(TASK REQUIREMENTS):
Please write out every entry below, word for word.

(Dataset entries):
---------------

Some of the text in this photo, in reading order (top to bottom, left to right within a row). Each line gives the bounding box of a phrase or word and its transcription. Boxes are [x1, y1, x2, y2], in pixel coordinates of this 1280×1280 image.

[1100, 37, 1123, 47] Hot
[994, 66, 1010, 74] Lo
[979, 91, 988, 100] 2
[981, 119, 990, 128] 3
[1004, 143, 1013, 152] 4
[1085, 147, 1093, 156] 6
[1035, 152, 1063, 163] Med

---------------

(ANSWER BOX):
Some of the text in this photo, in reading order (top to bottom, left to right within a row). Each line gives the bounding box of a phrase or word and its transcription. Boxes are [x1, y1, x2, y2], in pixel coordinates of this 1280×1280 image.

[1100, 37, 1123, 47] Hot
[994, 66, 1010, 74] Lo
[979, 91, 988, 100] 2
[981, 119, 990, 128] 3
[1004, 143, 1013, 152] 4
[1085, 147, 1093, 156] 6
[1035, 152, 1063, 163] Med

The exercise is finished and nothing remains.